* [SUPPLIED MATERIAL]:
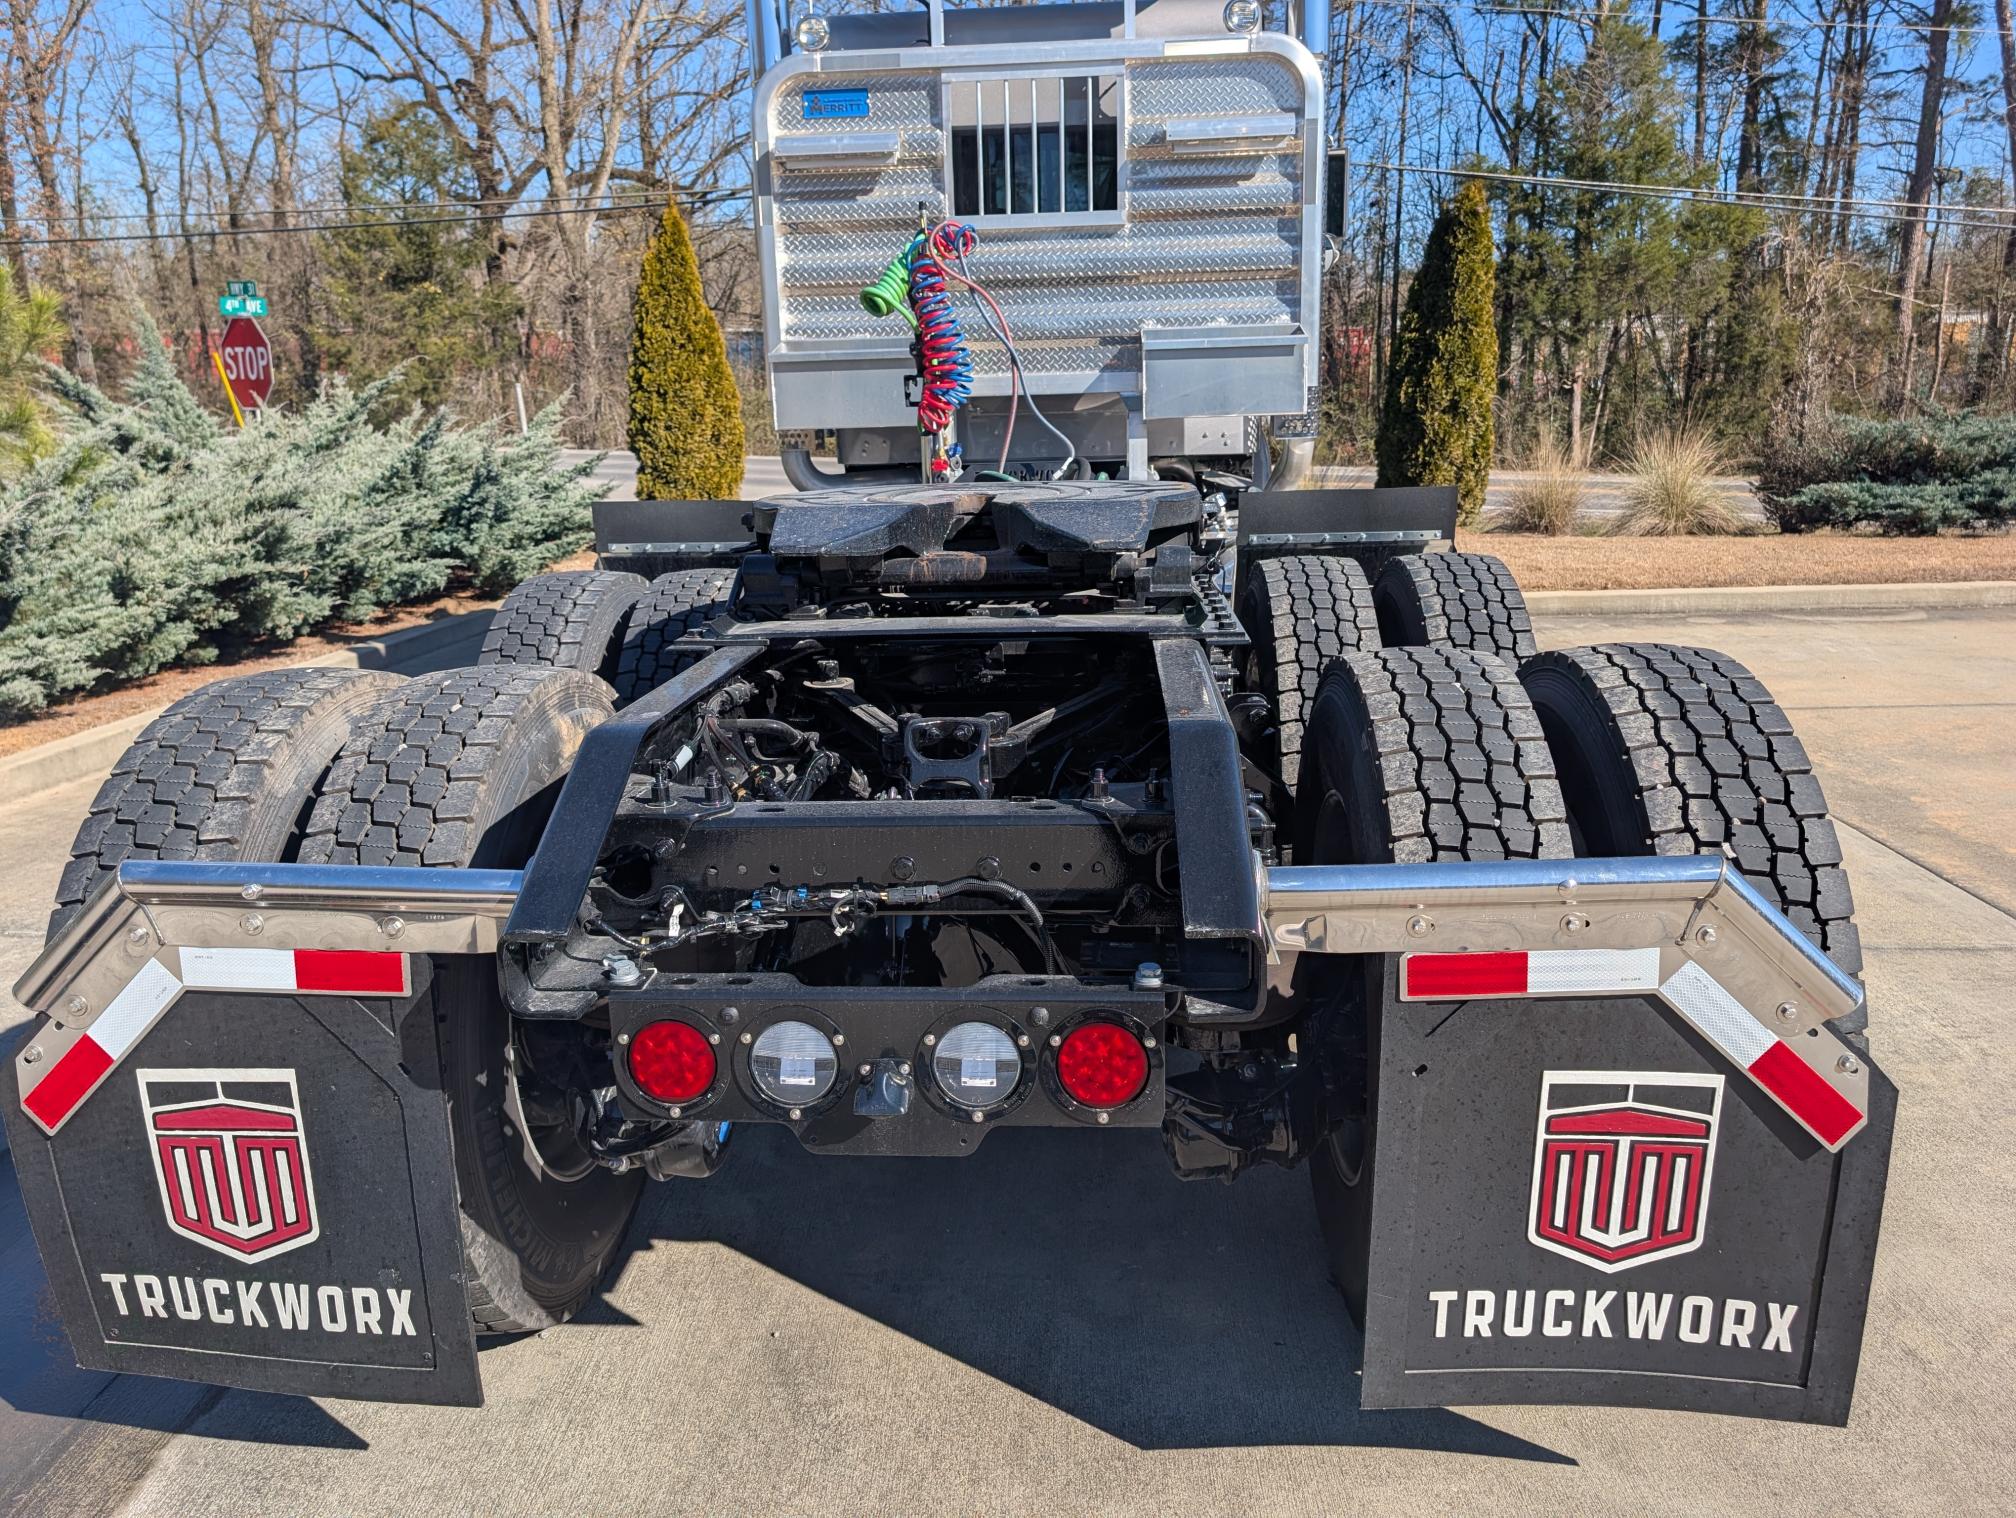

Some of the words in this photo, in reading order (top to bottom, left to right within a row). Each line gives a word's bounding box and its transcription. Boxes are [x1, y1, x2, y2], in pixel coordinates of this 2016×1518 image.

[245, 300, 262, 314] AVE
[224, 346, 268, 381] STOP
[100, 1273, 417, 1336] TRUCKWORX
[1428, 1288, 1799, 1353] TRUCKWORX

* [YOUR INSTRUCTIONS]:
When copying the data above, repeat every word exactly and drop the pictures.

* [RESPONSE TO THE EXERCISE]:
Some of the words in this photo, in reading order (top to bottom, left to right within a row). Each line gives a word's bounding box and its transcription. Boxes are [x1, y1, x2, y2], in pixel coordinates of this 2016×1518 image.

[245, 300, 262, 314] AVE
[224, 346, 268, 381] STOP
[100, 1273, 417, 1336] TRUCKWORX
[1428, 1288, 1799, 1353] TRUCKWORX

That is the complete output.